____ Given records
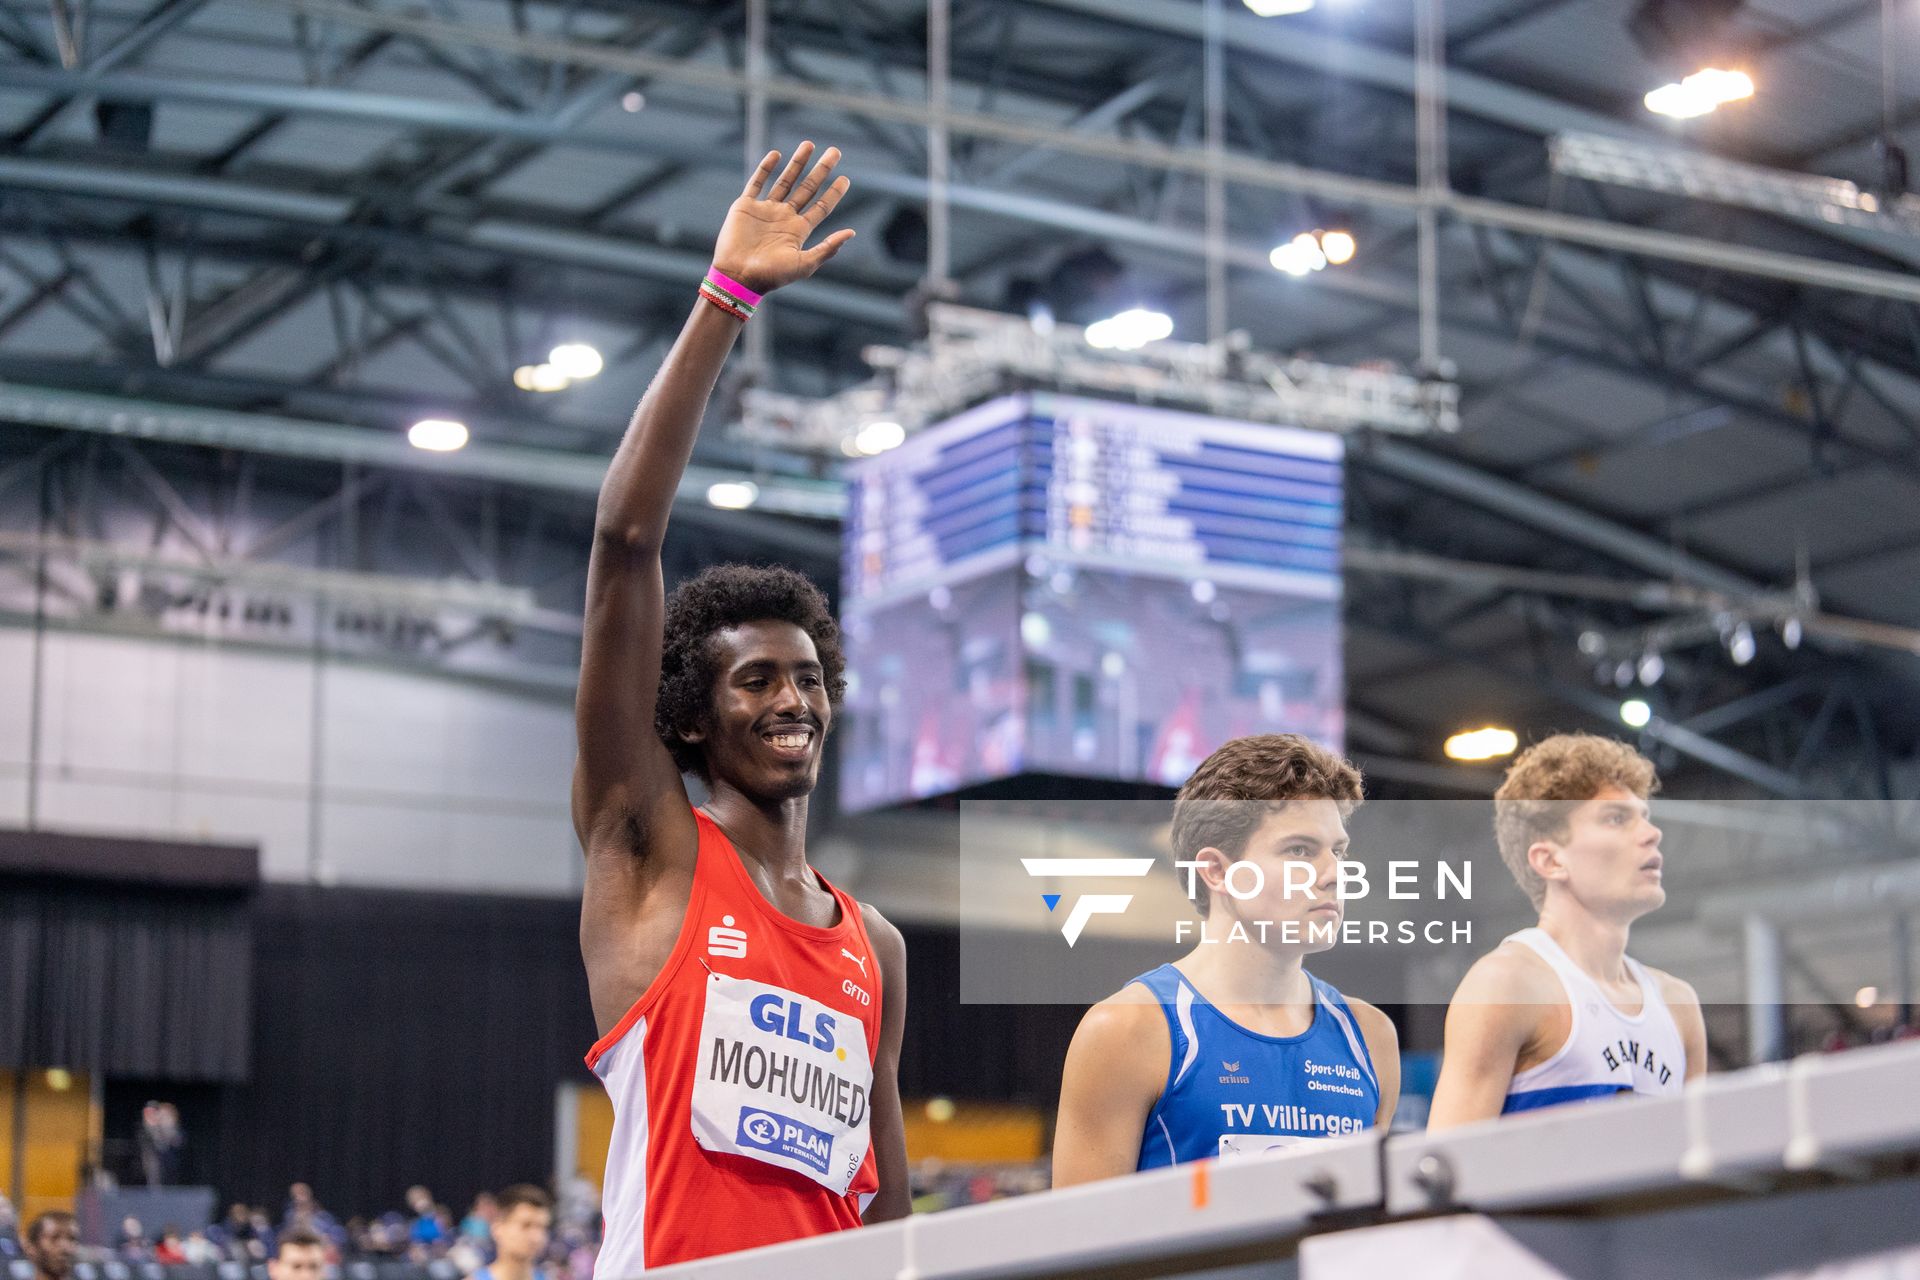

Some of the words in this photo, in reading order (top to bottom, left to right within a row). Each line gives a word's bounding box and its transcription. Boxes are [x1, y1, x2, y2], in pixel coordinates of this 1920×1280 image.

[842, 979, 870, 1007] GfTD
[709, 1037, 866, 1129] MOHUMED
[1304, 1059, 1361, 1081] Sport-Weiß
[1308, 1080, 1363, 1097] Obereschach
[1221, 1104, 1255, 1128] TV
[1262, 1104, 1364, 1138] Villingen
[783, 1124, 830, 1160] PLAN
[782, 1143, 826, 1170] INTERNATIONAL
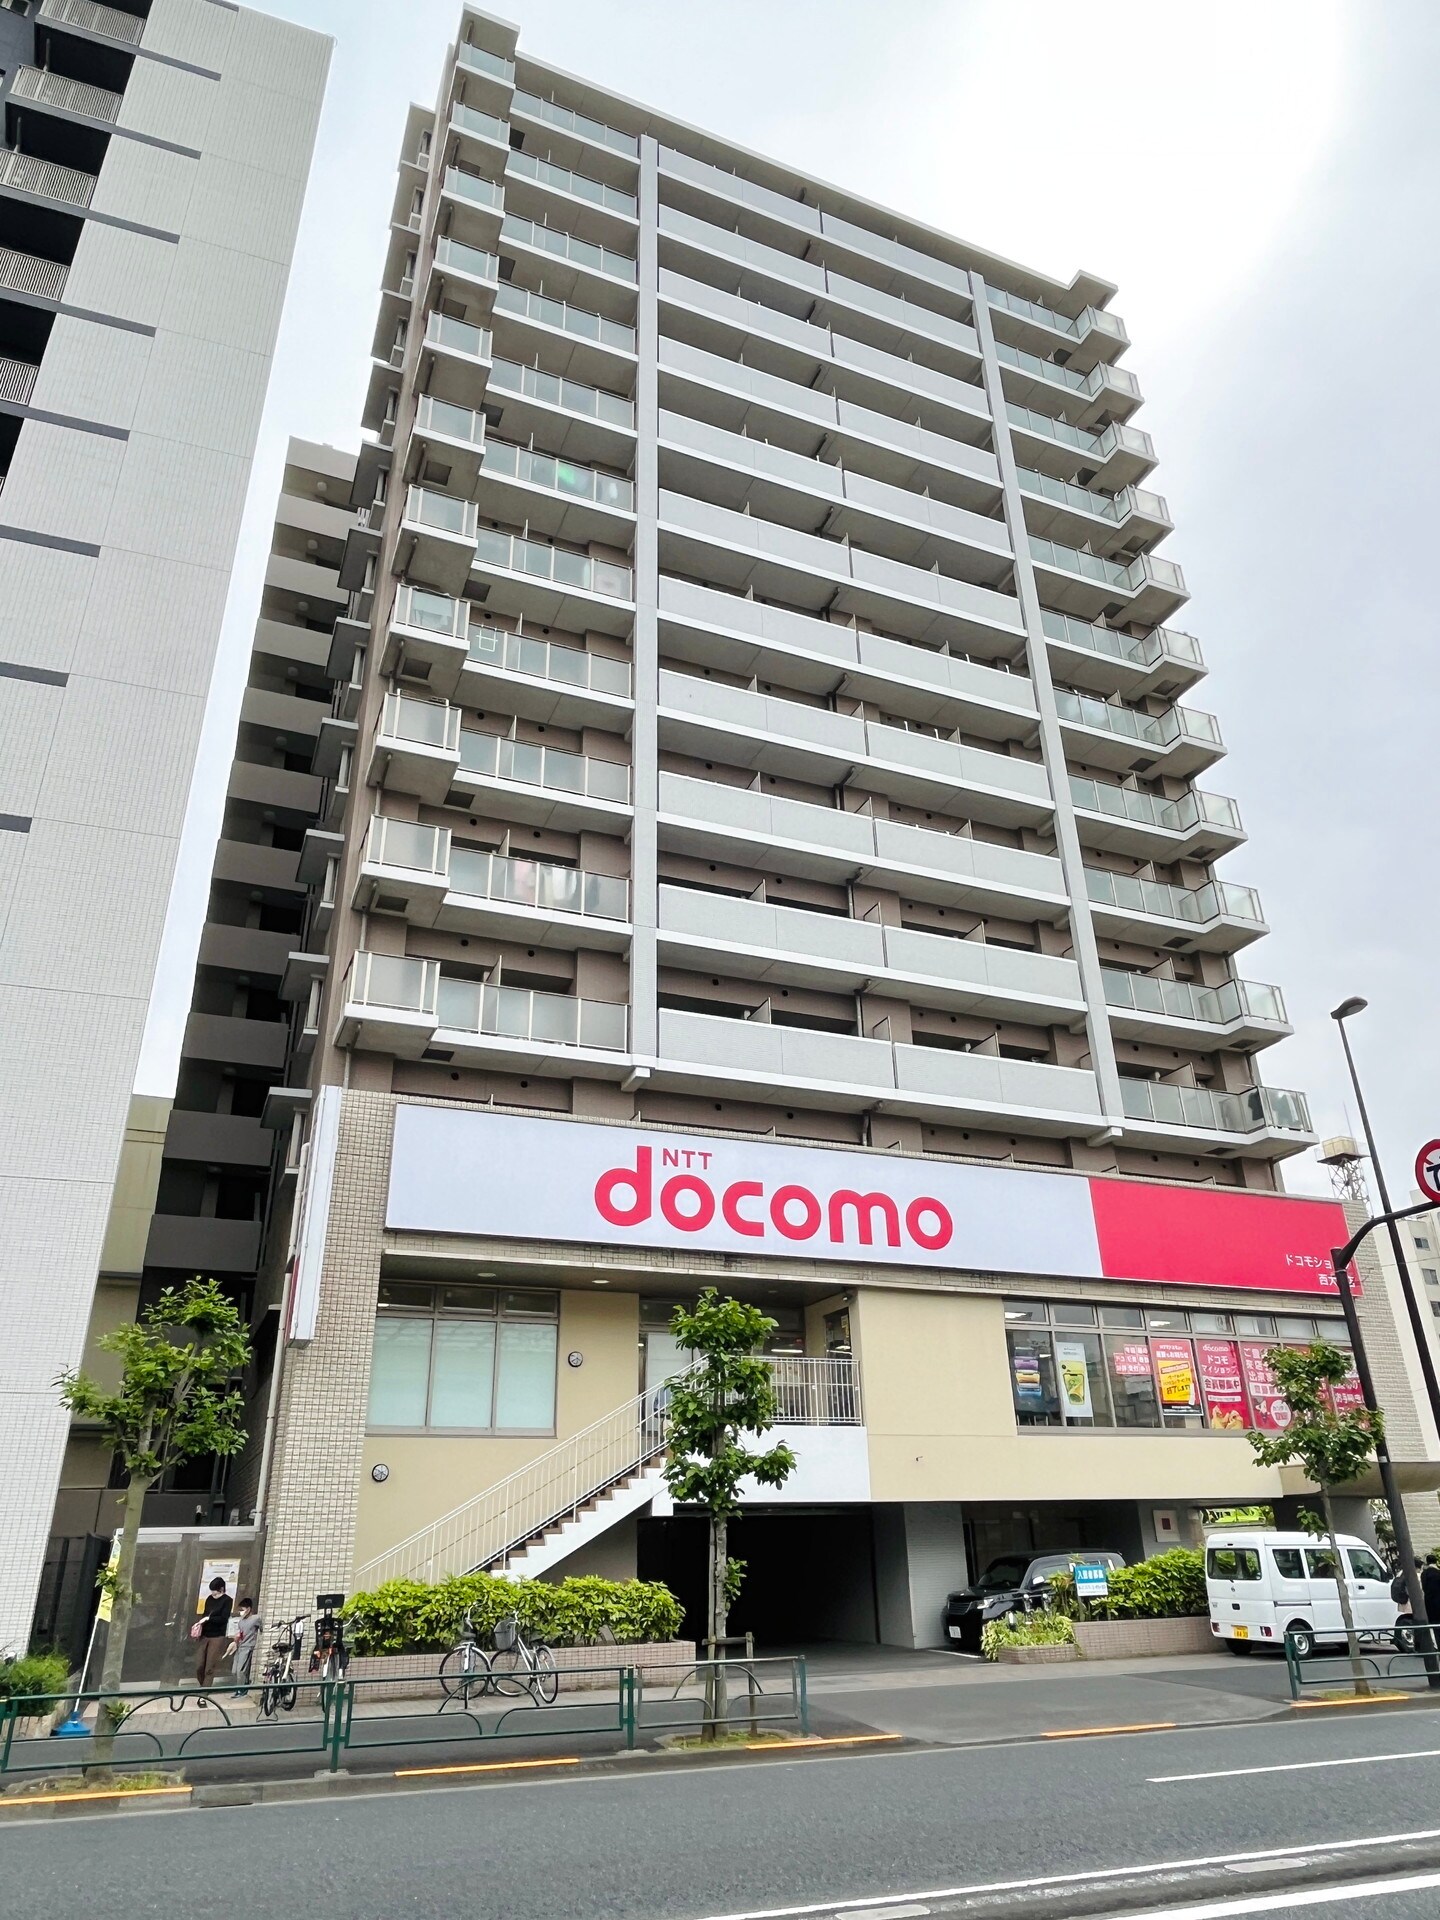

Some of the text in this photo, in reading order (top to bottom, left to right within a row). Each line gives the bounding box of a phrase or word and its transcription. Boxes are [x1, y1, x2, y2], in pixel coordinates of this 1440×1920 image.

[662, 1147, 713, 1170] NTT
[594, 1145, 954, 1251] docomo
[1285, 1253, 1351, 1270] ドコモショ
[1202, 1343, 1229, 1352] docomo
[1207, 1354, 1229, 1365] ドコモ
________
The lines to return run from the one containing "Some of the text" through the last line of the records above. Give them exactly and include nothing more.

Some of the text in this photo, in reading order (top to bottom, left to right within a row). Each line gives the bounding box of a phrase or word and its transcription. Boxes are [x1, y1, x2, y2], in pixel coordinates of this 1440×1920 image.

[662, 1147, 713, 1170] NTT
[594, 1145, 954, 1251] docomo
[1285, 1253, 1351, 1270] ドコモショ
[1202, 1343, 1229, 1352] docomo
[1207, 1354, 1229, 1365] ドコモ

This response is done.